Repeat each record exactly as written, and drop any images.

BEGIN

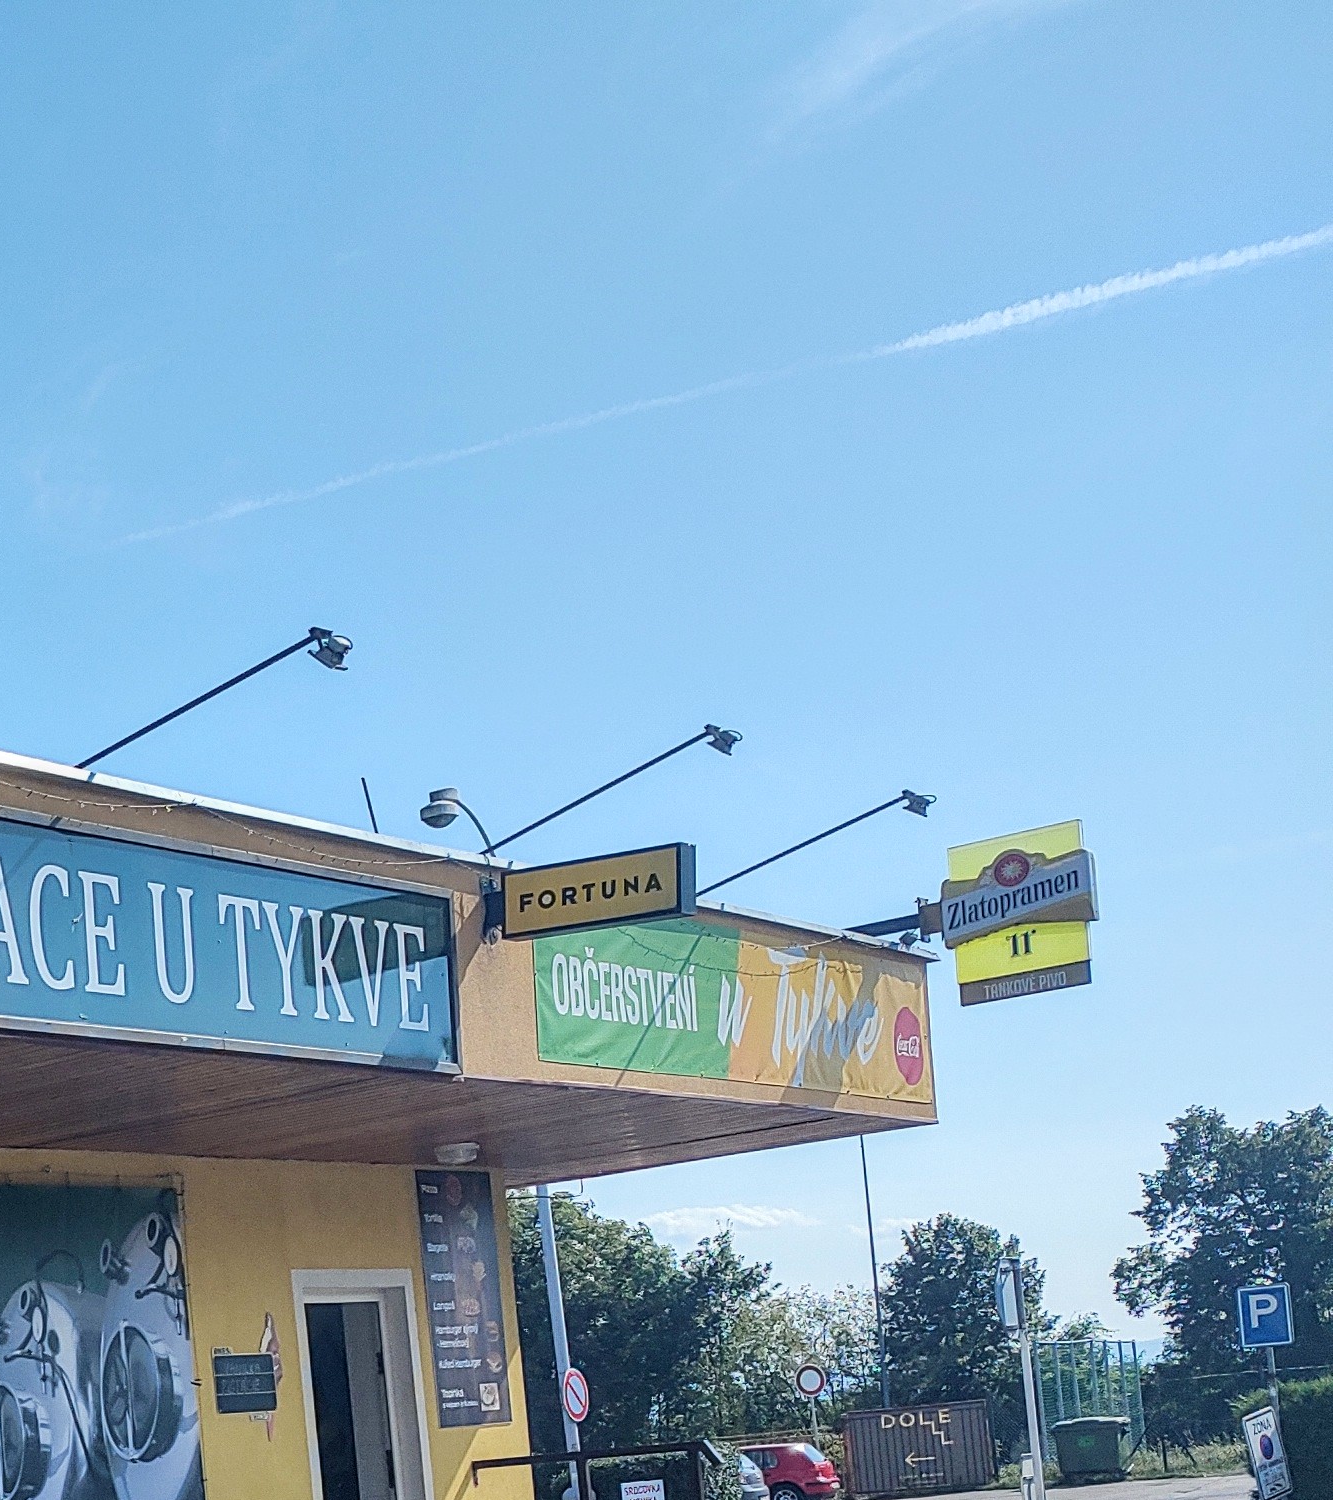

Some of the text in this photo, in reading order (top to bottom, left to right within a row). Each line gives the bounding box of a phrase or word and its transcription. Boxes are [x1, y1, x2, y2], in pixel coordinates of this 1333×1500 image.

[519, 873, 662, 912] FORTUNA
[948, 870, 1079, 930] Zlatopramen
[147, 882, 193, 1004] U
[218, 894, 429, 1031] TYKVE
[552, 946, 698, 1032] OBČERSTVENÍ
[984, 971, 1067, 1000] TANKOVÉ PIVO
[1248, 1294, 1278, 1328] P
[881, 1408, 951, 1429] DOLE

END

▶ **Response box**
Some of the text in this photo, in reading order (top to bottom, left to right within a row). Each line gives the bounding box of a phrase or word and its transcription. Boxes are [x1, y1, x2, y2], in pixel coordinates of this 1333×1500 image.

[519, 873, 662, 912] FORTUNA
[948, 870, 1079, 930] Zlatopramen
[147, 882, 193, 1004] U
[218, 894, 429, 1031] TYKVE
[552, 946, 698, 1032] OBČERSTVENÍ
[984, 971, 1067, 1000] TANKOVÉ PIVO
[1248, 1294, 1278, 1328] P
[881, 1408, 951, 1429] DOLE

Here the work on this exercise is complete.